(Stored data entries)
********************

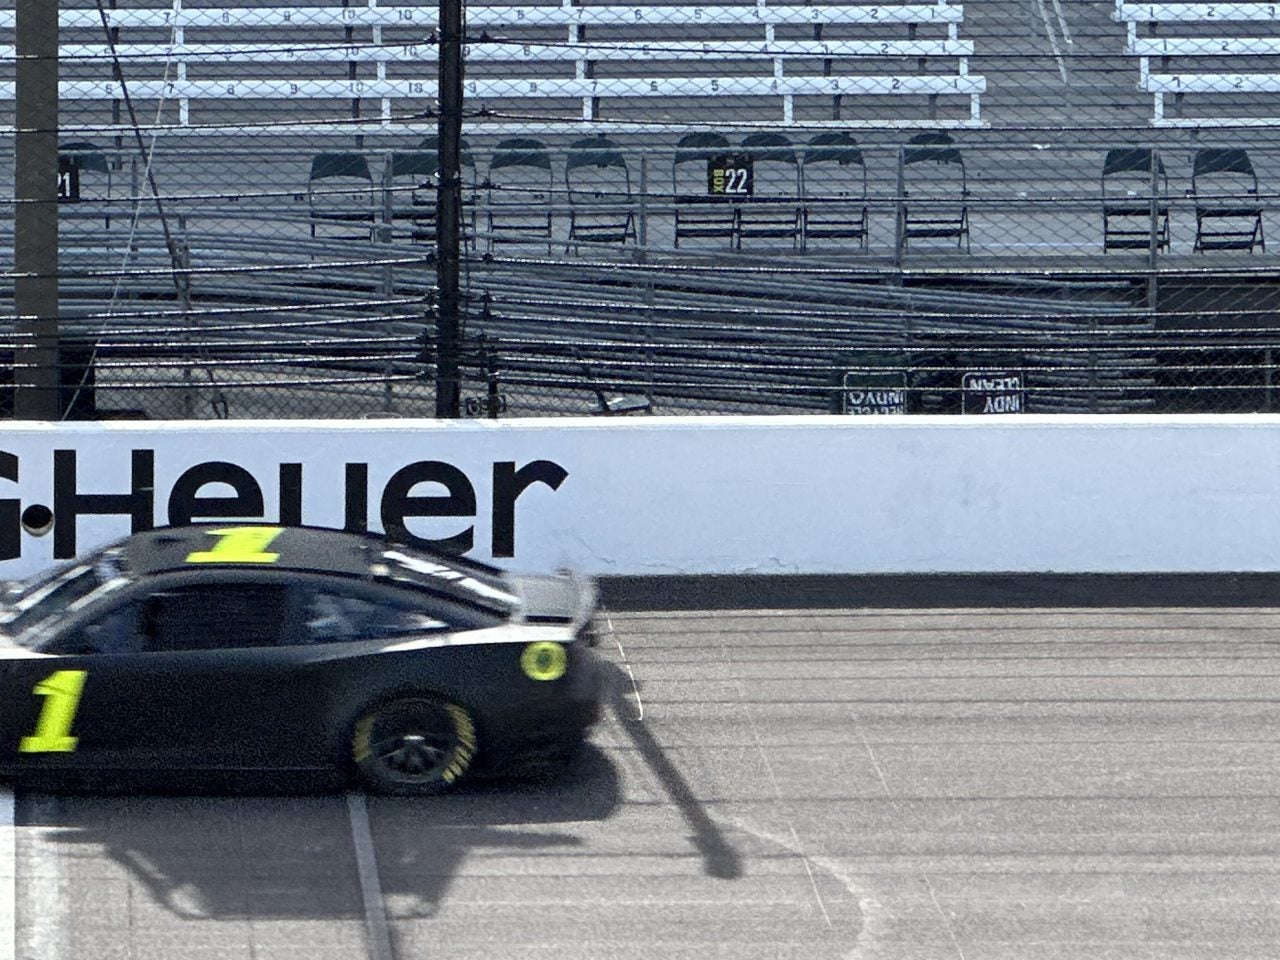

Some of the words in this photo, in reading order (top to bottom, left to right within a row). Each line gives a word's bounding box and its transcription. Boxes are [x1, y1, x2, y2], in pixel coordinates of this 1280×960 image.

[713, 169, 724, 192] BOX
[725, 168, 748, 193] 22
[983, 395, 1020, 413] INDY
[53, 449, 569, 560] Heuer
[184, 526, 287, 563] 1
[18, 670, 88, 753] 1

********************

*WHAT IS NEEDED:*
Return all the data exactly, and keep the pictures out.

*WRITTEN RESPONSE:*
Some of the words in this photo, in reading order (top to bottom, left to right within a row). Each line gives a word's bounding box and its transcription. Boxes are [x1, y1, x2, y2], in pixel coordinates of this 1280×960 image.

[713, 169, 724, 192] BOX
[725, 168, 748, 193] 22
[983, 395, 1020, 413] INDY
[53, 449, 569, 560] Heuer
[184, 526, 287, 563] 1
[18, 670, 88, 753] 1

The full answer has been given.